Today — three days before I end my term as governor, I stand before you to explain my frustrations and deep concerns about both the administration and the penalty of death. It is fitting that we are gathered here today at Northwestern University with the students, teachers, lawyers and investigators who first shed light on the sorrowful condition of Illinois’s death penalty system. Professors Larry Marshall, Dave Protess and their students along with investigators Paul Ciolino have gone above the call. They freed the falsely accused Ford Heights Four, they saved Anthony Porter’s life, they fought for Rolando Cruz and Alex Hernandez. They devoted time and effort on behalf of Aaron Patterson, a young man who lost 15 years of his youth sitting among the condemned, and LeRoy Orange, who lost 17 of the best years of his life on death row.
It is also proper that we are together with dedicated people like Andrea Lyon who has laboured on the front lines trying capital cases for many years and who is now devoting her passion to creating an innocence centre at De Paul University. You saved Madison Hobley's life.
Together you spared the lives and secured the freedom of 17 men — men who were wrongfully convicted and rotting in the condemned units of our state prisons. What you have achieved is of the highest calling — Thank You!
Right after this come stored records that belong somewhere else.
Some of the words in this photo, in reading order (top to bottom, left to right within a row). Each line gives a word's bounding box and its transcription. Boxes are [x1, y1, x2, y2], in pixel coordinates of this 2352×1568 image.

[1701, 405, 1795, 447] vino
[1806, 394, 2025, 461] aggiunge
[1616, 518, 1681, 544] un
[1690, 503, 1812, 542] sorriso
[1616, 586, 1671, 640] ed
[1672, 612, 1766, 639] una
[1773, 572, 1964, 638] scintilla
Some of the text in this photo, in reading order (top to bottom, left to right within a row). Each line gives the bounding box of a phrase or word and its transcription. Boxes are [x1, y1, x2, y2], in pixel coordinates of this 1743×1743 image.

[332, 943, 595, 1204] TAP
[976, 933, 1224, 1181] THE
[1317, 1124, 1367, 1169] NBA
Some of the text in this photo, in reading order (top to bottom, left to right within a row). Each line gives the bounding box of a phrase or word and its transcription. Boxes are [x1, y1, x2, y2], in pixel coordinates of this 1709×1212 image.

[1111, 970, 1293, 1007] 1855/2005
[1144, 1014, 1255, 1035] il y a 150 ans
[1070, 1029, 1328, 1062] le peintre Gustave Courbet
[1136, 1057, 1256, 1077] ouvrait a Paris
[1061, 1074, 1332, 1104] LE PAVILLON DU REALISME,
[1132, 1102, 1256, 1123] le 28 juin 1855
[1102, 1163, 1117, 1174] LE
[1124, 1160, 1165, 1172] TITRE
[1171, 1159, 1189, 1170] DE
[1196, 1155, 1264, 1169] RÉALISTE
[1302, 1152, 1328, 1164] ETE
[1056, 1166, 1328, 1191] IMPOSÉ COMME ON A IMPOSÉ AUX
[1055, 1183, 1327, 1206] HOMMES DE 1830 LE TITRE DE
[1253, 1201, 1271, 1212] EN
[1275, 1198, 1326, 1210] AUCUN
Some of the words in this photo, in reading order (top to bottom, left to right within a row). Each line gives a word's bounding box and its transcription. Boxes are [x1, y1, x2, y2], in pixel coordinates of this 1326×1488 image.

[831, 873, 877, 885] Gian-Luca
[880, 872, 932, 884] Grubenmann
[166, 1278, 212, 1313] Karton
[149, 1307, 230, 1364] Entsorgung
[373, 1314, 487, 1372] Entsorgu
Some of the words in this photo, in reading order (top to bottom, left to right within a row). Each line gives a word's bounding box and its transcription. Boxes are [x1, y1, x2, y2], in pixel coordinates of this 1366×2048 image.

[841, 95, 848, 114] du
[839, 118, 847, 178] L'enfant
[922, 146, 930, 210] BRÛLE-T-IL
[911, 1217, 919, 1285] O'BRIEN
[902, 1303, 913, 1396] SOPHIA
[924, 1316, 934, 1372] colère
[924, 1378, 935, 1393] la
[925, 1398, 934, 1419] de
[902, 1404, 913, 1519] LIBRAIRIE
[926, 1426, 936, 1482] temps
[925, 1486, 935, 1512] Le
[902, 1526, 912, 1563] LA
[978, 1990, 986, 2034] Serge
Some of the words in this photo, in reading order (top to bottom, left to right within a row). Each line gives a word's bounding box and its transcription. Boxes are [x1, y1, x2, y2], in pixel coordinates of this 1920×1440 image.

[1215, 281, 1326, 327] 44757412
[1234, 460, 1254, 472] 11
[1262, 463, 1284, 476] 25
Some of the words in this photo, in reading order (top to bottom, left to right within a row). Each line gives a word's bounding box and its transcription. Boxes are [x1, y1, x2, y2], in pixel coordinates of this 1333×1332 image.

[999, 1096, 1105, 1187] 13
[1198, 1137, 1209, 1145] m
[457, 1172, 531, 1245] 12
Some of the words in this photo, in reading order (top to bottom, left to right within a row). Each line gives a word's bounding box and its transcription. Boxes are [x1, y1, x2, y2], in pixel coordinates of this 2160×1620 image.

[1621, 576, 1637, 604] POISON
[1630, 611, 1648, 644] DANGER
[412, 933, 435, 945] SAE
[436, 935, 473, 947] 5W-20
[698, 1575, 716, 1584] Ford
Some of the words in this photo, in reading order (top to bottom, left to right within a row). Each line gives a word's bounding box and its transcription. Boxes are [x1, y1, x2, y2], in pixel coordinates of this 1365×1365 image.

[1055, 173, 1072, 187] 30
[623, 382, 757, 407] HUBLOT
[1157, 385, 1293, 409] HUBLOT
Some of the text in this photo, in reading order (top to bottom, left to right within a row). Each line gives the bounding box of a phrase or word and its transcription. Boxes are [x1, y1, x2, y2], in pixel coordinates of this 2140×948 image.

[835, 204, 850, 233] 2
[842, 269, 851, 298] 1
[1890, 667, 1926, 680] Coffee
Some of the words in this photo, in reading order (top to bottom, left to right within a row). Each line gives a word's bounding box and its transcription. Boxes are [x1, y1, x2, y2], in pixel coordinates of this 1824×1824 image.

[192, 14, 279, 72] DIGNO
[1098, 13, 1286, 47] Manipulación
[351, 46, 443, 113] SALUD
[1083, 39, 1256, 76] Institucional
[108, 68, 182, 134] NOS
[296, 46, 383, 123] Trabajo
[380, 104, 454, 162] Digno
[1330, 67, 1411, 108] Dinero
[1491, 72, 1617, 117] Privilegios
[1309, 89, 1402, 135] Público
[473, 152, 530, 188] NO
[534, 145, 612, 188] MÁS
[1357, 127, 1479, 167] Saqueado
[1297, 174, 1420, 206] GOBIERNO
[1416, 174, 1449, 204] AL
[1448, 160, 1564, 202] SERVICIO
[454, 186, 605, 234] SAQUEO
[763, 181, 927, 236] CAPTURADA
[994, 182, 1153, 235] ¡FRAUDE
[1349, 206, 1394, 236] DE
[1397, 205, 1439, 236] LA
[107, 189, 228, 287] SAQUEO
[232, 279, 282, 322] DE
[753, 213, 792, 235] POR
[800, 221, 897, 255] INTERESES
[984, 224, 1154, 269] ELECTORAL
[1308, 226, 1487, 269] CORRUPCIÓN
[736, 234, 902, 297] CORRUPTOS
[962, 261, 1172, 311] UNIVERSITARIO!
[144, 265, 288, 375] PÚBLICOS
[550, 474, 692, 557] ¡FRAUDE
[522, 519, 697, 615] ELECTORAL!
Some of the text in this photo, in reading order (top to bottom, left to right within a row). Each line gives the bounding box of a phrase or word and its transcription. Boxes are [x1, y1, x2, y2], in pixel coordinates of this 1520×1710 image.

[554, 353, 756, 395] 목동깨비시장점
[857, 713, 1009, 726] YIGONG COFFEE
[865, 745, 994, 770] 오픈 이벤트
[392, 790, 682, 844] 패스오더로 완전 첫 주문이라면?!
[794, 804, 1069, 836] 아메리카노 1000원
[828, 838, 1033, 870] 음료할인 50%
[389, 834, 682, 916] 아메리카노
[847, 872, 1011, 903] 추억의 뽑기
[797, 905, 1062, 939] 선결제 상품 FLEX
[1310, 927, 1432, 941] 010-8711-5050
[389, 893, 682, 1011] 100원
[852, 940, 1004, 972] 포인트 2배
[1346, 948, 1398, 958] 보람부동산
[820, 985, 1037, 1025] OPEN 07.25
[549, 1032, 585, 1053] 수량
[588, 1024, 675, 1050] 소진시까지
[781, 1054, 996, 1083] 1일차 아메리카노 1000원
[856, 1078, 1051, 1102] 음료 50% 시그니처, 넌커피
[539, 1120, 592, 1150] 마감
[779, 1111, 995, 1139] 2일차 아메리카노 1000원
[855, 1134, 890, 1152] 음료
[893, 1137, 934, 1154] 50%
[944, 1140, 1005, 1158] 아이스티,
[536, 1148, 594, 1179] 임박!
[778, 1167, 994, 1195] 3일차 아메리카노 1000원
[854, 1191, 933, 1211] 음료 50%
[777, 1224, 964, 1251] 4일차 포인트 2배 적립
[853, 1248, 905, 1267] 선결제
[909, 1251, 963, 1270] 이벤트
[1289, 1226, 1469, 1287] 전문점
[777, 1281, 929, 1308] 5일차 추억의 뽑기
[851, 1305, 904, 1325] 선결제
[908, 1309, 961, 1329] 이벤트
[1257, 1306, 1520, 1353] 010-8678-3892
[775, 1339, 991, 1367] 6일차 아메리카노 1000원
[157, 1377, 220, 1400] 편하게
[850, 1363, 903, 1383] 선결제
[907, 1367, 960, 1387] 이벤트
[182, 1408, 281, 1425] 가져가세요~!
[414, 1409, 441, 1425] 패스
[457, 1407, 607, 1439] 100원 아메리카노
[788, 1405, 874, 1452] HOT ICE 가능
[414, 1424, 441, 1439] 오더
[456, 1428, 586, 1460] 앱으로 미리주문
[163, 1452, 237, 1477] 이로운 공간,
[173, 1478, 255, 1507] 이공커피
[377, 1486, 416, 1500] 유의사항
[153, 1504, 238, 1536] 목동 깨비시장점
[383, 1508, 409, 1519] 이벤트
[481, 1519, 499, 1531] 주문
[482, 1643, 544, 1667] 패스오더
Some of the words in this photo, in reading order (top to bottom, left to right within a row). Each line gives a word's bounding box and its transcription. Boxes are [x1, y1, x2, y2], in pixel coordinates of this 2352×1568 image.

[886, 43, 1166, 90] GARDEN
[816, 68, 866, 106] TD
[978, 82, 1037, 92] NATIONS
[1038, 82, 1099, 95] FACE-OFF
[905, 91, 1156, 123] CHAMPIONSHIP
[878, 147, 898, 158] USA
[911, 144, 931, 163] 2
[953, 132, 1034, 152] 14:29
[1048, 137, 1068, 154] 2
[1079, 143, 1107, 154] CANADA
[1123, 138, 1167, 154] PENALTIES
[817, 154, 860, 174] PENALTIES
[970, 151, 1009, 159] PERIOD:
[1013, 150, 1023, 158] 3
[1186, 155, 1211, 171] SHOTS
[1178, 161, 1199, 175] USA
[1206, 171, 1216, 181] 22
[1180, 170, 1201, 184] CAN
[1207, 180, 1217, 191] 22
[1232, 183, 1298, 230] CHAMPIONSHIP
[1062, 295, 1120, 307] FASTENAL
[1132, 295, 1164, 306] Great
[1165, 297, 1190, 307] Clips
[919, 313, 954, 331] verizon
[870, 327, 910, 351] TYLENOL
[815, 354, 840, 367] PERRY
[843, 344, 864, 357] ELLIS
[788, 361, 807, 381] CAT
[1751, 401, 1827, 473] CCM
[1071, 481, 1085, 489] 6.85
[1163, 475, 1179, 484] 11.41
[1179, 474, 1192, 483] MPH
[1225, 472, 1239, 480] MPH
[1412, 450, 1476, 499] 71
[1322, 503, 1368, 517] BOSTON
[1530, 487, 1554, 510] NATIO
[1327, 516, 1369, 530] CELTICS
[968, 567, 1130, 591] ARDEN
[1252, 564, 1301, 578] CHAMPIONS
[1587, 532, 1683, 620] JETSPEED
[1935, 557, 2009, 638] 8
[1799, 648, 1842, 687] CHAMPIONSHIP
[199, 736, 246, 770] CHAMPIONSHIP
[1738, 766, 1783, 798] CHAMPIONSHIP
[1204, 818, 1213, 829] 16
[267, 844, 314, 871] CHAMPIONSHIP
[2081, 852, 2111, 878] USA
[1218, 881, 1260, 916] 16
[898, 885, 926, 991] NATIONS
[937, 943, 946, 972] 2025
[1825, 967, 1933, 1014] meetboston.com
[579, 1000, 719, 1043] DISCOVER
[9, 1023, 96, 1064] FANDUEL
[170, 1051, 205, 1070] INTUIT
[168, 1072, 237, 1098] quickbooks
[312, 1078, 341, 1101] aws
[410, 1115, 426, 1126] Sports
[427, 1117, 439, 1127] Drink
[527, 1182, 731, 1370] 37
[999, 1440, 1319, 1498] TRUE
Yes, it is right that I am here with you, where, in a manner of speaking, my journey from staunch supporters of capital punishment to reformer all began. But I must tell you — since the beginning of our journey my thoughts and feelings about the death penalty have changed many, many times. I realize that over the course of my reviews I had said that I would not do blanket commutation. I have also said it was an option that was there and I would consider all options.
During my time in public office, I have always reserved my right to change my mind if I believed it to be in the best public interest, whether it be about taxes, abortions or the death penalty. But I must confess that the debate with myself has been the toughest concerning the death penalty. I suppose the reason the death penalty has been the toughest is because it is so final — the only public policy that determines who lives and who dies. In addition it is the only issue that attracts most of the legal minds across the country. I have received more advice on this issue than any other policy issue I have dealt with in my 35 years of public service. I have kept an open mind on both sides of the issues of commutation for life or death.
I have read, listened to and discussed the issue with the families of the victims as well as the families of the condemned. I know that any decision I make will not be accepted by one side or the other. I know that my decision will be just that — my decision —based on all the facts I could gather over the past three years. I may never be comfortable with my final decision, but I will know in my heart that I did my very best to do the right thing.
Having said that, I want to share a story with you: I grew up in Kankakee which even today is still a small midwestern town, a place where people tend to know each other. Steve Small was a neighbour. I watched him grow up. He would babysit my young children — which was not for the faint of heart since Lura Lynn and I had six children, five of them under the age of three. He was a bright young man who helped run the family business. He got married and he and his wife had three children of their own. Lura Lynn was especially close to him and his family. We took comfort in knowing he was there for us and we for him.
One September midnight he received a call at his home. There had been a break-in at a nearby house he was renovating. As he left his house, he was seized at gunpoint by kidnappers. His captors buried him alive in a shallow hole. He suffocated to death before police could find him.
His killer led investigators to where Steve’s body was buried. The killer, Danny Edward, was also from my home town. He now sits on death row. I also know his family. I share this story with you so that you know I do not come to this as a neophyte without having experienced a bit of the bitter pill the survivors of murder must swallow.
My responsibilities and obligations are more than my neighbours and my family. I represent all the people of Illinois, like it or not. The decision I make about our criminal justice system is felt not only here, but the world over.